• Exercise instructions:
Return each line of the data below verbatim; pictures are to be left out.

• Entries supplied:
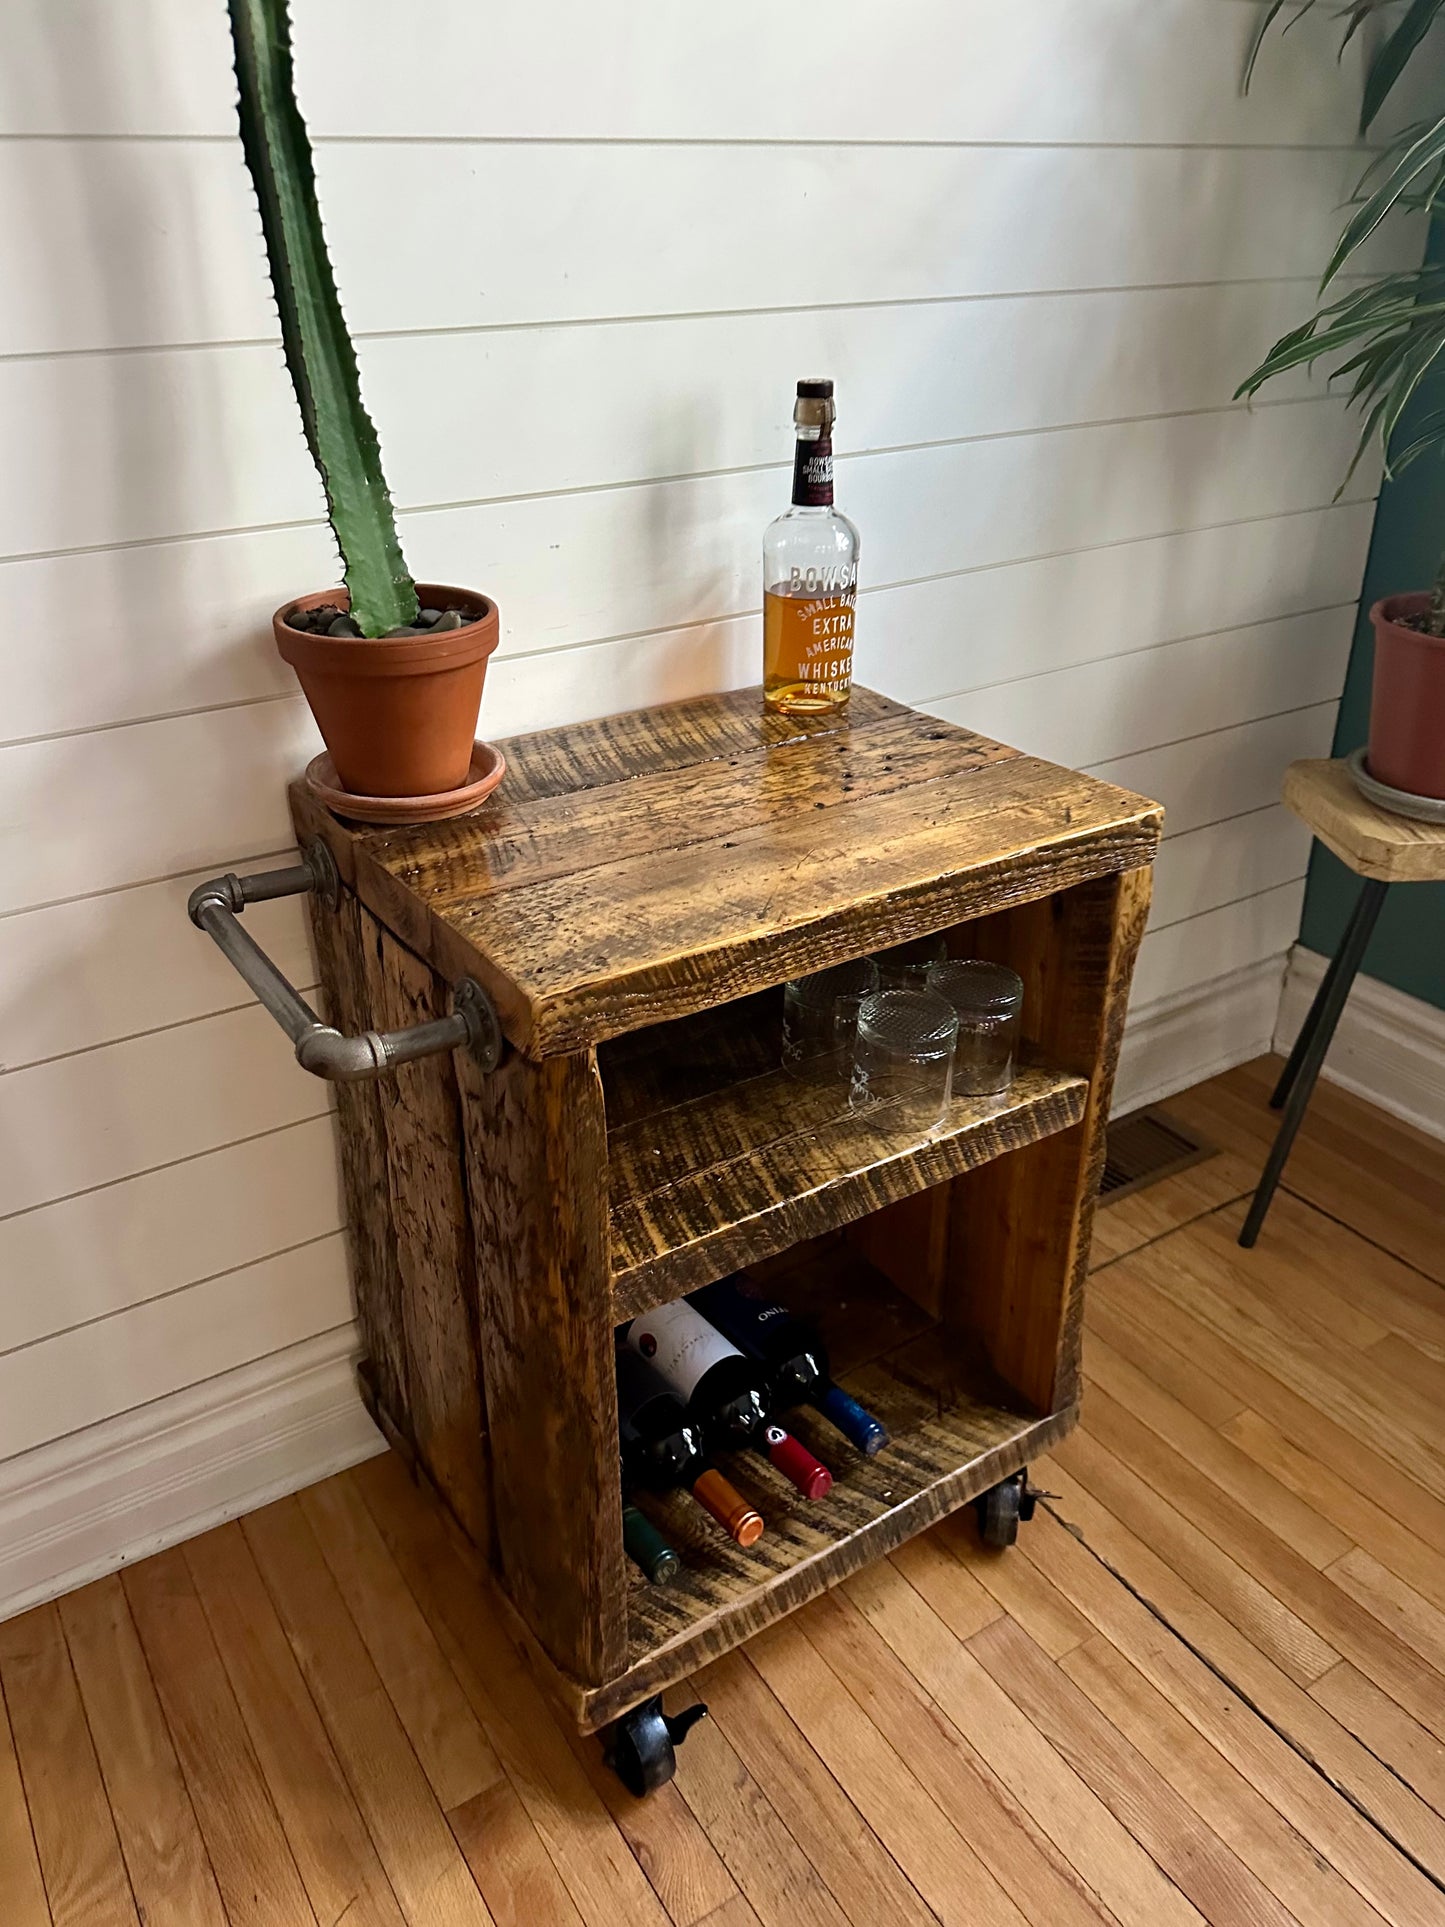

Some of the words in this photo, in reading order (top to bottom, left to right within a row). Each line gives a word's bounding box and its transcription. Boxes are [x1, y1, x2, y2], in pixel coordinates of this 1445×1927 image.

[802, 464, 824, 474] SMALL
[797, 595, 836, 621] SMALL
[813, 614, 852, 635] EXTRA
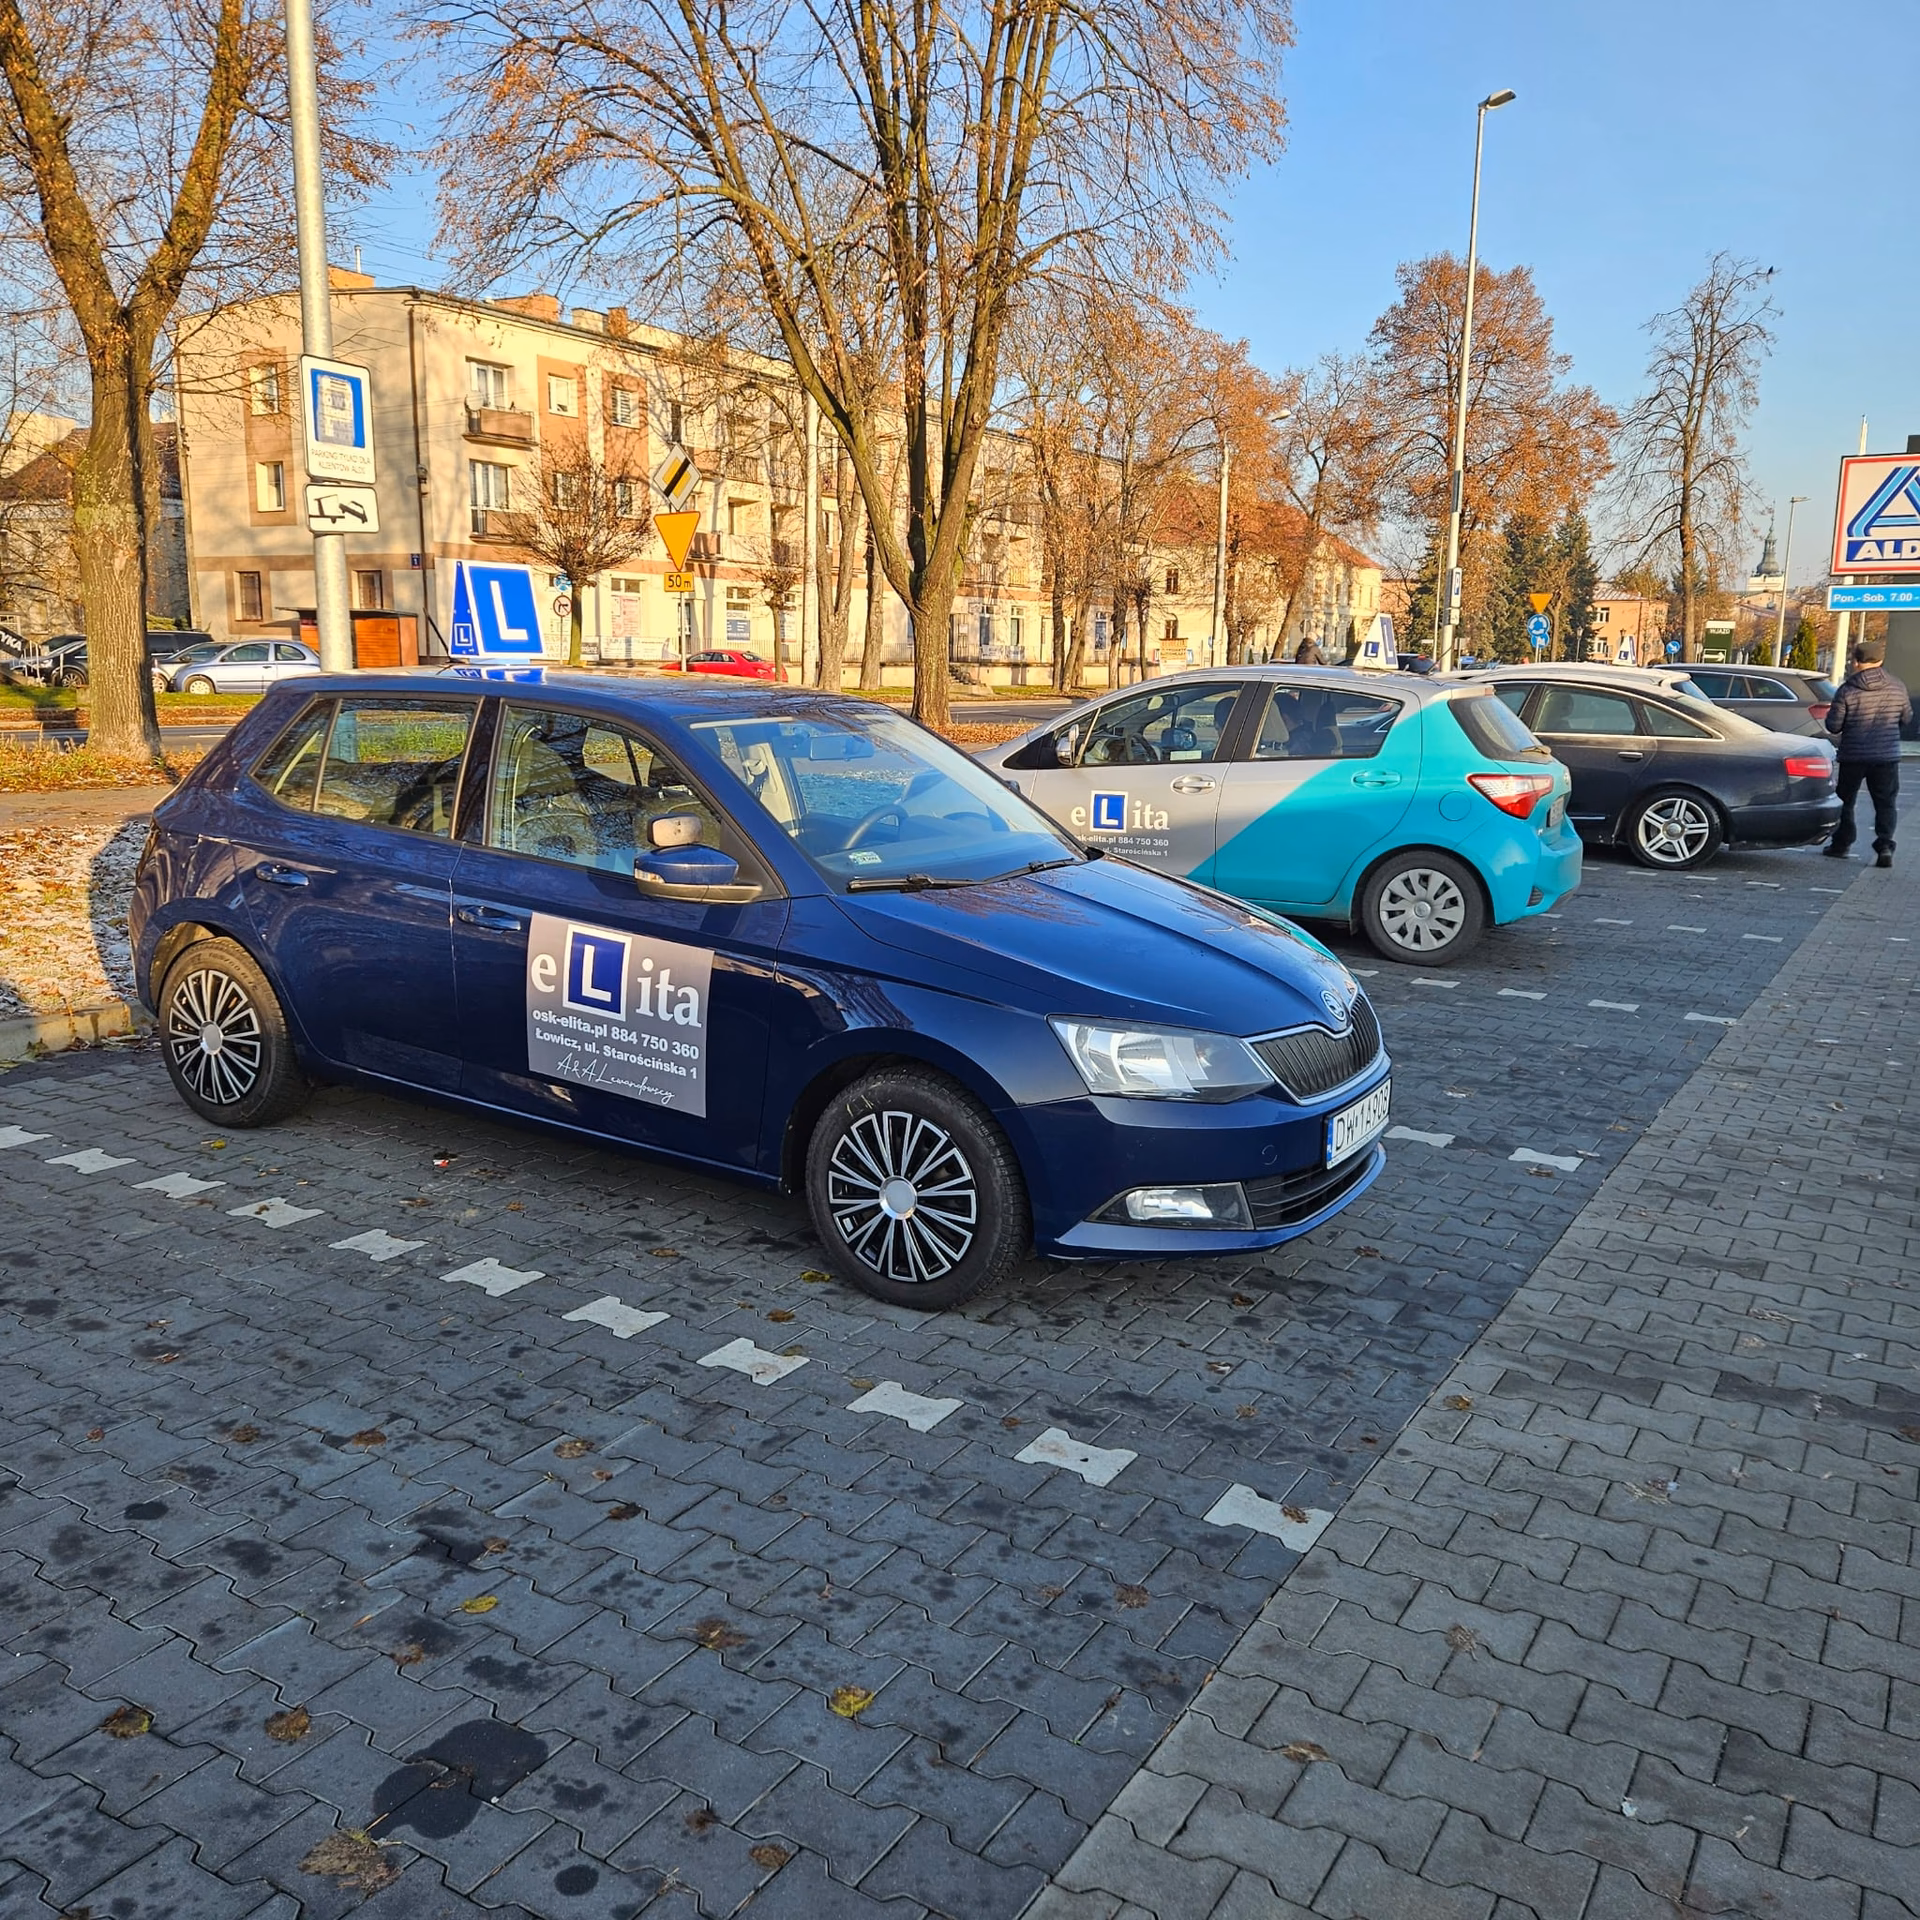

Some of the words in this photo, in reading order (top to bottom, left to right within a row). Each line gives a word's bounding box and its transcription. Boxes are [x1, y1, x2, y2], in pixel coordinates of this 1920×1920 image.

• Solution to this exercise:
Some of the words in this photo, in reading order (top to bottom, left to right within a row). Each line gives a word's bounding box and its transcription. Boxes are [x1, y1, x2, y2], in pixel coordinates of this 1445×1927 image.

[802, 464, 824, 474] SMALL
[797, 595, 836, 621] SMALL
[813, 614, 852, 635] EXTRA

Some of the words in this photo, in reading order (top to bottom, left to right within a row). Each line gives a word's bounding box and its transcription. Boxes are [x1, y1, x2, y2], in pixel coordinates of this 1920×1920 image.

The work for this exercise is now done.